A practical view of fine-mapping and gene prioritization in the post-genome-wide association era

Abstract

Over the past 15 years, genome-wide association studies (GWASs) have enabled the systematic identification of genetic loci associated with traits and diseases. However, due to resolution issues and methodological limitations, the true causal variants and genes associated with traits remain difficult to identify. In this post-GWAS era, many biological and computational fine-mapping approaches now aim to solve these issues. Here, we review fine-mapping and gene prioritization approaches that, when combined, will improve the understanding of the underlying mechanisms of complex traits and diseases. Fine-mapping of genetic variants has become increasingly sophisticated: initially, variants were simply overlapped with functional elements, but now the impact of variants on regulatory activity and direct variant-gene 3D interactions can be identified. Moreover, gene manipulation by CRISPR/Cas9, the identification of expression quantitative trait loci and the use of co-expression networks have all increased our understanding of the genes and pathways affected by GWAS loci. However, despite this progress, limitations including the lack of cell-type- and disease-specific data and the ever-increasing complexity of polygenic models of traits pose serious challenges. Indeed, the combination of fine-mapping and gene prioritization by statistical, functional and population-based strategies will be necessary to truly understand how GWAS loci contribute to complex traits and diseases.

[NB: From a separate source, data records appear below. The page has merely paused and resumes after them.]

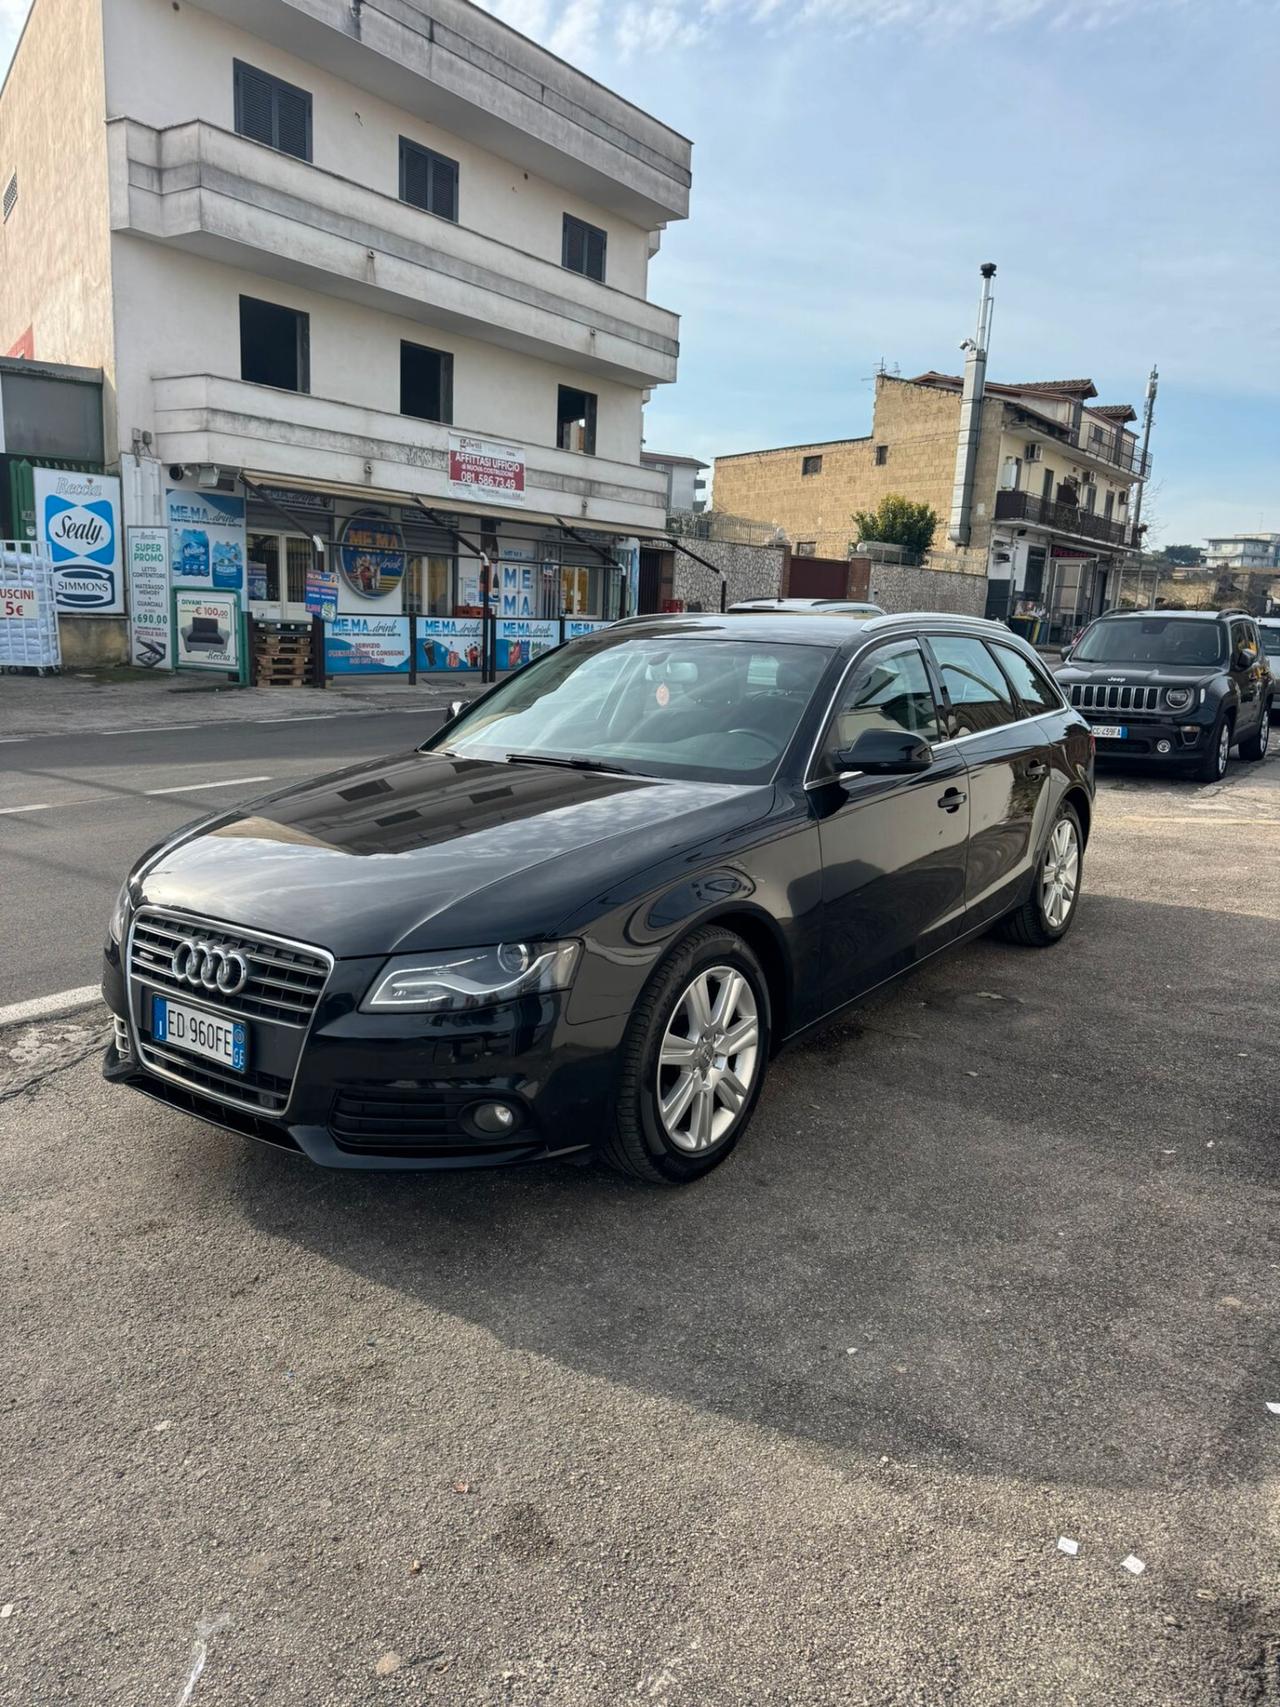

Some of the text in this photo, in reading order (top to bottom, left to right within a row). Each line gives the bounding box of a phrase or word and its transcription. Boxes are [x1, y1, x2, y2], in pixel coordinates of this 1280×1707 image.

[455, 452, 491, 465] AFFITTASI
[492, 458, 519, 472] UFFICIO
[55, 515, 102, 545] Sealy
[134, 543, 161, 552] SUPER
[133, 553, 163, 562] PROMO
[58, 581, 108, 592] SIMMONS
[5, 601, 24, 616] 5€
[168, 1010, 232, 1057] ED 960FE
[234, 1048, 245, 1065] GE
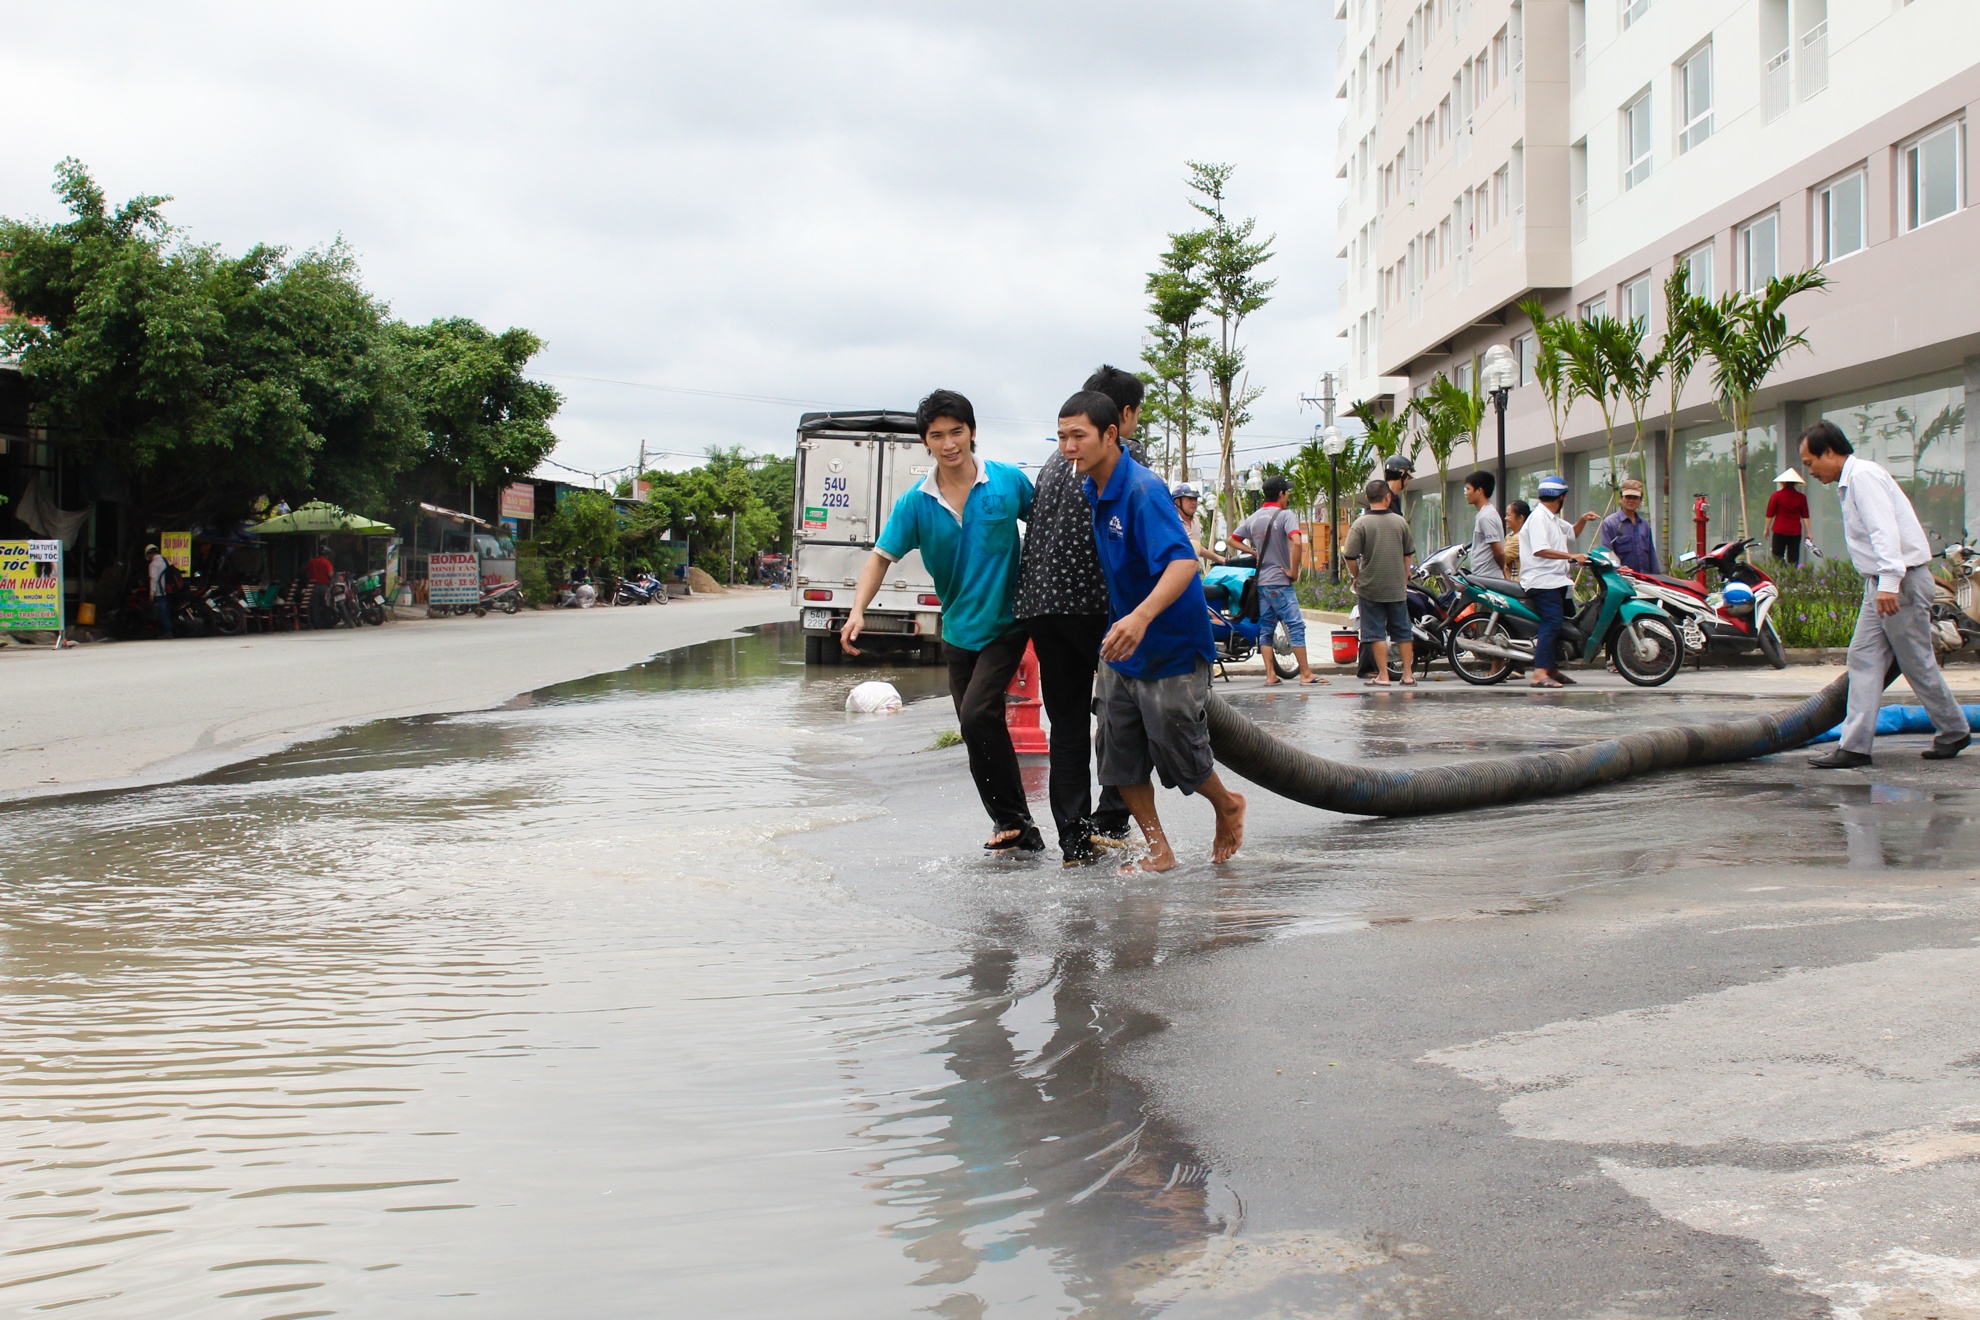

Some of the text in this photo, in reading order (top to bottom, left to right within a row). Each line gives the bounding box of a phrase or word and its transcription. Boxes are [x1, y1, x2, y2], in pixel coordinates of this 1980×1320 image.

Keywords: causal variants and genes; complex traits; fine-mapping; genome-wide association study; polygenic diseases; single-nucleotide polymorphisms.

Figure 1.

Outline of the current post-GWAS workflow. (a) First, the correct context needs to be identified for the trait under study. (b) Subsequently, causal variants can be fine-mapped to better understand the fundamental mechanisms of transcription. Here, the causal variant (star) is not the strongest GWAS signal, but rather a variant in strong LD with the top effect located in an active enhancer region. (c) To gain insights into the biological processes leading to the phenotype, genes can be prioritized and causal networks constructed. GWAS variants are generally common in the population and have smaller effect sizes (blue). Thus, the genes that they impact are more likely to have a small effect on the phenotype as well (peripheral genes). The genes on which many peripheral genes converge (core genes) generally have stronger effects (red) on the phenotype. As such, the variants that affect core genes are more likely to be Mendelian disease variants.

Figure 2.

An illustrative depiction of a GWAS locus showing example mechanisms by which variant effects on enhancer activity and gene expression can be detected. (a) Many trait-associated variants are shown with varying LD strength (scatterplot) when compared with the GWAS-identified marker variant (in black). In this example, the causal variant is located in an allele-dependent active enhancer (C-allele, caQTL) as shown by the open chromatin regions of the same locus (peak-density plot below the variant). The variant affects the TF binding site of the green TF with a strong binding preference for the C-allele, as shown by the enhancer activity in the ‘transcription factor binding affinity’ box. In addition, using 3D interactions (grey arches connecting the gene, promoter and enhancer), physical contact with the nearby ‘Gene X’ indicates the enhancer affects the gene's expression. (b) To highlight cell-type-specific effects, the influence of the causal variant is depicted in three cell types with varying TF availability. The mRNA expression of ‘gene X’ is stronger for the CC-genotype compared with the GG-genotype because of the increased TF binding affinity to the green TF (as shown in a). This mRNA expression remains low but stable for the GG-genotype in all three cell types regardless of the TF availability but decreases for the CC-genotype in cell types with reduced TF availability, which reduces cooperative TF binding.

Figure 3.

Aspects of fine-mapping genes from GWAS loci. (a) Using eQTLs (dark blue) and CRISPRi/a-based assays, GWAS loci can be linked to genes when using the correct context. (b) Not every relationship between genetics and expression can be described additively. Epistatic effects (dark red) describe a relationship where two (or more) mutations are needed to arrive at the phenotype. (c) Using co-expression, regulatory relationships between genes can be quantified, but the specific role of genetics in these relationships is unknown. (d) Using PGSs, the joint effects of GWAS loci can be assessed, sacrificing resolution to obtain higher-level insights into the pathways affected by the genetics associated with a phenotype. (e) When assessed at single-cell resolution, the total network can be deconstructed into the cell-type relevant components. Affected cells can subsequently display an altered interaction with other cells within a tissue or individual, leading to a changed tissue- or individual-wide outcome for a phenotype.